_Problem to work on_. Copy all records verbatim.

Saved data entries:
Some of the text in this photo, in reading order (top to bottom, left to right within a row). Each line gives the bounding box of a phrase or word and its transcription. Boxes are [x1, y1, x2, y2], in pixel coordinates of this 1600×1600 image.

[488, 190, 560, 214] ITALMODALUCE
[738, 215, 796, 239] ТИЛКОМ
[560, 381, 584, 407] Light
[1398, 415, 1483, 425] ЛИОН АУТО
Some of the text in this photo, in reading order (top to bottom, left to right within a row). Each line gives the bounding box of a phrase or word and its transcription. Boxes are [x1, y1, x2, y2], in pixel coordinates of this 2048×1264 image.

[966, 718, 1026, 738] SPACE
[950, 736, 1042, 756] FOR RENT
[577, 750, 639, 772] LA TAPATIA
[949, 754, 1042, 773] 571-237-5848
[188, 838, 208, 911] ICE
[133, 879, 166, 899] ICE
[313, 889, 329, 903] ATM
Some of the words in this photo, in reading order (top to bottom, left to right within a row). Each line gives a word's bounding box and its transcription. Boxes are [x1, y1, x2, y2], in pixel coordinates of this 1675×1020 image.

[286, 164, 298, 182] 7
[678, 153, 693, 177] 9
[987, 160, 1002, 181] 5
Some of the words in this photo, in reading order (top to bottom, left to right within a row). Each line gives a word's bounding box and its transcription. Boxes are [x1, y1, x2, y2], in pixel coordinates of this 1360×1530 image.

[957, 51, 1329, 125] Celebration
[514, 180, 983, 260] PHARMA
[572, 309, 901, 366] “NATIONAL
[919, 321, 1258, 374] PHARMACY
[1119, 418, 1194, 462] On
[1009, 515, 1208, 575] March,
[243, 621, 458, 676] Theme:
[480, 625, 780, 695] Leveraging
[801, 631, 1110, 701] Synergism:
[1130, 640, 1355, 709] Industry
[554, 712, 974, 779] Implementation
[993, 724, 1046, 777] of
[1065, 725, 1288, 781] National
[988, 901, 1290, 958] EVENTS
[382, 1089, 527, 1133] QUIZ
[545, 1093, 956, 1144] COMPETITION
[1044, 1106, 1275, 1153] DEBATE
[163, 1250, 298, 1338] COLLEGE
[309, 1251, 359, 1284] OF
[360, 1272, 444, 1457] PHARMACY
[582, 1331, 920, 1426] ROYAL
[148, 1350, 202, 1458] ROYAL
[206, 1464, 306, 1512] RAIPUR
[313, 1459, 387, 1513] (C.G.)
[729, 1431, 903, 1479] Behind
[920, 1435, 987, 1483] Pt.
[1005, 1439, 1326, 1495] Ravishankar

_Output for this exercise_.
Some of the text in this photo, in reading order (top to bottom, left to right within a row). Each line gives the bounding box of a phrase or word and its transcription. Boxes are [x1, y1, x2, y2], in pixel coordinates of this 1600×1600 image.

[488, 190, 560, 214] ITALMODALUCE
[738, 215, 796, 239] ТИЛКОМ
[560, 381, 584, 407] Light
[1398, 415, 1483, 425] ЛИОН АУТО
Some of the text in this photo, in reading order (top to bottom, left to right within a row). Each line gives the bounding box of a phrase or word and its transcription. Boxes are [x1, y1, x2, y2], in pixel coordinates of this 2048×1264 image.

[966, 718, 1026, 738] SPACE
[950, 736, 1042, 756] FOR RENT
[577, 750, 639, 772] LA TAPATIA
[949, 754, 1042, 773] 571-237-5848
[188, 838, 208, 911] ICE
[133, 879, 166, 899] ICE
[313, 889, 329, 903] ATM
Some of the words in this photo, in reading order (top to bottom, left to right within a row). Each line gives a word's bounding box and its transcription. Boxes are [x1, y1, x2, y2], in pixel coordinates of this 1675×1020 image.

[286, 164, 298, 182] 7
[678, 153, 693, 177] 9
[987, 160, 1002, 181] 5
Some of the words in this photo, in reading order (top to bottom, left to right within a row). Each line gives a word's bounding box and its transcription. Boxes are [x1, y1, x2, y2], in pixel coordinates of this 1360×1530 image.

[957, 51, 1329, 125] Celebration
[514, 180, 983, 260] PHARMA
[572, 309, 901, 366] “NATIONAL
[919, 321, 1258, 374] PHARMACY
[1119, 418, 1194, 462] On
[1009, 515, 1208, 575] March,
[243, 621, 458, 676] Theme:
[480, 625, 780, 695] Leveraging
[801, 631, 1110, 701] Synergism:
[1130, 640, 1355, 709] Industry
[554, 712, 974, 779] Implementation
[993, 724, 1046, 777] of
[1065, 725, 1288, 781] National
[988, 901, 1290, 958] EVENTS
[382, 1089, 527, 1133] QUIZ
[545, 1093, 956, 1144] COMPETITION
[1044, 1106, 1275, 1153] DEBATE
[163, 1250, 298, 1338] COLLEGE
[309, 1251, 359, 1284] OF
[360, 1272, 444, 1457] PHARMACY
[582, 1331, 920, 1426] ROYAL
[148, 1350, 202, 1458] ROYAL
[206, 1464, 306, 1512] RAIPUR
[313, 1459, 387, 1513] (C.G.)
[729, 1431, 903, 1479] Behind
[920, 1435, 987, 1483] Pt.
[1005, 1439, 1326, 1495] Ravishankar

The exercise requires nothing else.